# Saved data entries
□ □ □ □ □ □ □
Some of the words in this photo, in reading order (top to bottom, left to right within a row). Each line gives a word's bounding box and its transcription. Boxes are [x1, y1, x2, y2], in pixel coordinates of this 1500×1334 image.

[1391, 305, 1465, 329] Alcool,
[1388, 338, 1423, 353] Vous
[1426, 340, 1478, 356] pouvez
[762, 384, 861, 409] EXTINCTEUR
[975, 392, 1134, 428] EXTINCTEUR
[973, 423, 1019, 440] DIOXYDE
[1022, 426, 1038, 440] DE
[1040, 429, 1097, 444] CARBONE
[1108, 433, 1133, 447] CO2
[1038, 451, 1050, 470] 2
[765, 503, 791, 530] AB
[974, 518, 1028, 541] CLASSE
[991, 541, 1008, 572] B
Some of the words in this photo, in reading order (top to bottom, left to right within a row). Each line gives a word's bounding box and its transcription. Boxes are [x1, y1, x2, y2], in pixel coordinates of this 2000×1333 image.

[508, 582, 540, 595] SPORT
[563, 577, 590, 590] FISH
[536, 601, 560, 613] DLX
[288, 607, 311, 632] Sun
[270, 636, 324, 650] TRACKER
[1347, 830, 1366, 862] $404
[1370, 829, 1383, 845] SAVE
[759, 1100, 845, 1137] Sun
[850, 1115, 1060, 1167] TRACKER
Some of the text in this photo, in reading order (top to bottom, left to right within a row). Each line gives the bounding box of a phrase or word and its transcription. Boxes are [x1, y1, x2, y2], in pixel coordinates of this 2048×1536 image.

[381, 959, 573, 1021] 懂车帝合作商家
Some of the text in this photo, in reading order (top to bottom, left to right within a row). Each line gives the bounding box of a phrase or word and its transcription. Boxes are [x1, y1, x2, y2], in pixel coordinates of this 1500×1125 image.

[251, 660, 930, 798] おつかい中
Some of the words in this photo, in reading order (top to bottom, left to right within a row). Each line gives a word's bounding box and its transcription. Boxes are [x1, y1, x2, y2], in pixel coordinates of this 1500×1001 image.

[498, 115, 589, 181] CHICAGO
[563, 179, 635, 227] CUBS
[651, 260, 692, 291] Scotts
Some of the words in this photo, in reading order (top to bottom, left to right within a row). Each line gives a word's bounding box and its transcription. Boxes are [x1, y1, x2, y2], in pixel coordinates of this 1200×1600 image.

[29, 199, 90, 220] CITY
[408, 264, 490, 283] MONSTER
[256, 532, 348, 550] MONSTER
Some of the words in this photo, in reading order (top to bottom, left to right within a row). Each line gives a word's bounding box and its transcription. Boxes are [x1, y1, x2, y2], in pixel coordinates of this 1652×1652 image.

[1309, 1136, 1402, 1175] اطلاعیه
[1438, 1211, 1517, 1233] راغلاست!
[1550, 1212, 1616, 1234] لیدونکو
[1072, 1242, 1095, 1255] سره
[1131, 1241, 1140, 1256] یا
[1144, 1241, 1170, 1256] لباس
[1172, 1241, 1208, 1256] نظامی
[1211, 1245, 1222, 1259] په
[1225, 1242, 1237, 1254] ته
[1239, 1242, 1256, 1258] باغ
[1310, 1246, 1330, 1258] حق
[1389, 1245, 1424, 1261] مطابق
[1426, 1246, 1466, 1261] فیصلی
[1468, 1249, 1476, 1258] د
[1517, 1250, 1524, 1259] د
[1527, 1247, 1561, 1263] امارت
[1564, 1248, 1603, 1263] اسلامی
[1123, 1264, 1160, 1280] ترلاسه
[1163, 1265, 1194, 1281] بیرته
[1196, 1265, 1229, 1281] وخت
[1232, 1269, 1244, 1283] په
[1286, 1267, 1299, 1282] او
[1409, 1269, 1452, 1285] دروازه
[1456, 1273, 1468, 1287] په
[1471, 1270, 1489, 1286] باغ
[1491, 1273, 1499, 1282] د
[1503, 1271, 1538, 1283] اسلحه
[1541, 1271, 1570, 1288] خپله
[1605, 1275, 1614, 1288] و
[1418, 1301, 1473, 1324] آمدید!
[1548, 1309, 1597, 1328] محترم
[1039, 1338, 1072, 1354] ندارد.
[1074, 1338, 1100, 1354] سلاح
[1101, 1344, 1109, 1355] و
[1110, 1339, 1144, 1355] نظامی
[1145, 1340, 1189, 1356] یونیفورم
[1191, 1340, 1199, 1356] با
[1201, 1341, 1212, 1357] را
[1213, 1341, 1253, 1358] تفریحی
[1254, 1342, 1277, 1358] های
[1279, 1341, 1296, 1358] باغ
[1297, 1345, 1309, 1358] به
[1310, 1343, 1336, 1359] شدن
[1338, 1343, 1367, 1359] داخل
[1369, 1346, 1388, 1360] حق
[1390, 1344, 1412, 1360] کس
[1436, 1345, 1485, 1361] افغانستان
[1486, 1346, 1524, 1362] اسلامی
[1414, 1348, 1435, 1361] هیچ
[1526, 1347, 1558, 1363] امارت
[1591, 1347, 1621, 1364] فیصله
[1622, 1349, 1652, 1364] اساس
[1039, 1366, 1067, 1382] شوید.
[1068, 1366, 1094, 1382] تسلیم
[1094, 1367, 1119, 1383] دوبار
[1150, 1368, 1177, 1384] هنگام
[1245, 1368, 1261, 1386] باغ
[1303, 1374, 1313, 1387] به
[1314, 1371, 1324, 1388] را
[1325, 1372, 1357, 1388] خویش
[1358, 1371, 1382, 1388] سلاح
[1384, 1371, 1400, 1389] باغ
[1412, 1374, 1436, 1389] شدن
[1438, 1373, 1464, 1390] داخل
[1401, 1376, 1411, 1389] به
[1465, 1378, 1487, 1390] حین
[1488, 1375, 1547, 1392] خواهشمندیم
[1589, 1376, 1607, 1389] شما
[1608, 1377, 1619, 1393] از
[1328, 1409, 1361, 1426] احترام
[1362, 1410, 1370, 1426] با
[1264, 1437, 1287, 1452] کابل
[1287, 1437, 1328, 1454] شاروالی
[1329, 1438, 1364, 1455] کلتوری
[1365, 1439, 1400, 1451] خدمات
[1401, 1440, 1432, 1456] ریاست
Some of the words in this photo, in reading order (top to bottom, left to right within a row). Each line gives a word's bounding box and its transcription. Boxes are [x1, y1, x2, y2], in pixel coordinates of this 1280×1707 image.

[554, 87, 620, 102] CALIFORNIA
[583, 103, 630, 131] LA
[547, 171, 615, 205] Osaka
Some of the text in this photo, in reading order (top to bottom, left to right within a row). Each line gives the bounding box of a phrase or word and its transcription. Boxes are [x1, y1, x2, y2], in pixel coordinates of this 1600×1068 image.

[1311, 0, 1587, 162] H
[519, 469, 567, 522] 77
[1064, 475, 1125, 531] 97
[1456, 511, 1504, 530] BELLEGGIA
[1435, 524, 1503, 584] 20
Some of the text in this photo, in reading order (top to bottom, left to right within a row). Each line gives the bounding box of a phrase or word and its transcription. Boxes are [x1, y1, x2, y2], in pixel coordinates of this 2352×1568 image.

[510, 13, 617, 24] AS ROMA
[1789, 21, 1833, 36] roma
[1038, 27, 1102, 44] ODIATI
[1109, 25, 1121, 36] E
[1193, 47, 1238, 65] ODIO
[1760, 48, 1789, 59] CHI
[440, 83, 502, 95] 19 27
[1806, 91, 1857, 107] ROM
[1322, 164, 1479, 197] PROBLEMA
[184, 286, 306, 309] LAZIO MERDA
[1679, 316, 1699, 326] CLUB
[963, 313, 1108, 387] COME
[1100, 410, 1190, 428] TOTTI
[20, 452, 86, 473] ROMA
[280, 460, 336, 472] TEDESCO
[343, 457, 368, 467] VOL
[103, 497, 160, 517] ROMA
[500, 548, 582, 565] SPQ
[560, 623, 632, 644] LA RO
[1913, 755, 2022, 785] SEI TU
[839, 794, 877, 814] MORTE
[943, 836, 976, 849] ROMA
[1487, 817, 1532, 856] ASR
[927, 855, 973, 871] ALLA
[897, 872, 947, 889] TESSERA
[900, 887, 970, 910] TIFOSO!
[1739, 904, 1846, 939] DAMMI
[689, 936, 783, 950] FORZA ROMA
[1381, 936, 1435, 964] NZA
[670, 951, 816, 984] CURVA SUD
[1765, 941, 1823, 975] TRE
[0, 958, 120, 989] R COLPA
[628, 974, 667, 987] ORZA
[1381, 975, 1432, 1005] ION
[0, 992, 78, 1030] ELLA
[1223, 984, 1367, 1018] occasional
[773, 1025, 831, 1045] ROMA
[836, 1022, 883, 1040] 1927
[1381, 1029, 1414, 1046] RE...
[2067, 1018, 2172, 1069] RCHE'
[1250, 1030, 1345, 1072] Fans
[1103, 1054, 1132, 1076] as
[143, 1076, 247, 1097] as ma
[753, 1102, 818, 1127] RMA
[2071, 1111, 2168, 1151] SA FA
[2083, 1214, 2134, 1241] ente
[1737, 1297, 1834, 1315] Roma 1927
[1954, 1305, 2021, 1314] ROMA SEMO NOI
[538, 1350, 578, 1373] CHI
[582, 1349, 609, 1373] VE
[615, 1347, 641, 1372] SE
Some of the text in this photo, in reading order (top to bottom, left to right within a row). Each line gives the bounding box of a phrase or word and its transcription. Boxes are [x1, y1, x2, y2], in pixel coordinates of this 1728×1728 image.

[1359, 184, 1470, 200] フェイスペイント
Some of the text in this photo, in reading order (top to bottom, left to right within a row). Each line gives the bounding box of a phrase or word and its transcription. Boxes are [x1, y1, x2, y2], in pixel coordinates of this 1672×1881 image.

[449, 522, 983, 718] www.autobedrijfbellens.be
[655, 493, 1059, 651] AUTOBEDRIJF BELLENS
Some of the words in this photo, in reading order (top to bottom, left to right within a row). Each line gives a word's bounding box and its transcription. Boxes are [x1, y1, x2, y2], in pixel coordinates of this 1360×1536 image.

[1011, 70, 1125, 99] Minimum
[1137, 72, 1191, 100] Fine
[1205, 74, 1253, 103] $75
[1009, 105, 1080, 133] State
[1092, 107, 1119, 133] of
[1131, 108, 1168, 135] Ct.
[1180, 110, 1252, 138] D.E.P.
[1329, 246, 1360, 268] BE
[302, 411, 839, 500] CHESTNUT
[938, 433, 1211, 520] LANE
□ □ □ □ □ □ □
# EXERCISE DESCRIPTION
Up to and including the last line above, starting with the line that contains "this 1360×1536 image.", return each line exactly and nothing else.

# OUTPUT OF THE TASK
Some of the words in this photo, in reading order (top to bottom, left to right within a row). Each line gives a word's bounding box and its transcription. Boxes are [x1, y1, x2, y2], in pixel coordinates of this 1360×1536 image.

[1011, 70, 1125, 99] Minimum
[1137, 72, 1191, 100] Fine
[1205, 74, 1253, 103] $75
[1009, 105, 1080, 133] State
[1092, 107, 1119, 133] of
[1131, 108, 1168, 135] Ct.
[1180, 110, 1252, 138] D.E.P.
[1329, 246, 1360, 268] BE
[302, 411, 839, 500] CHESTNUT
[938, 433, 1211, 520] LANE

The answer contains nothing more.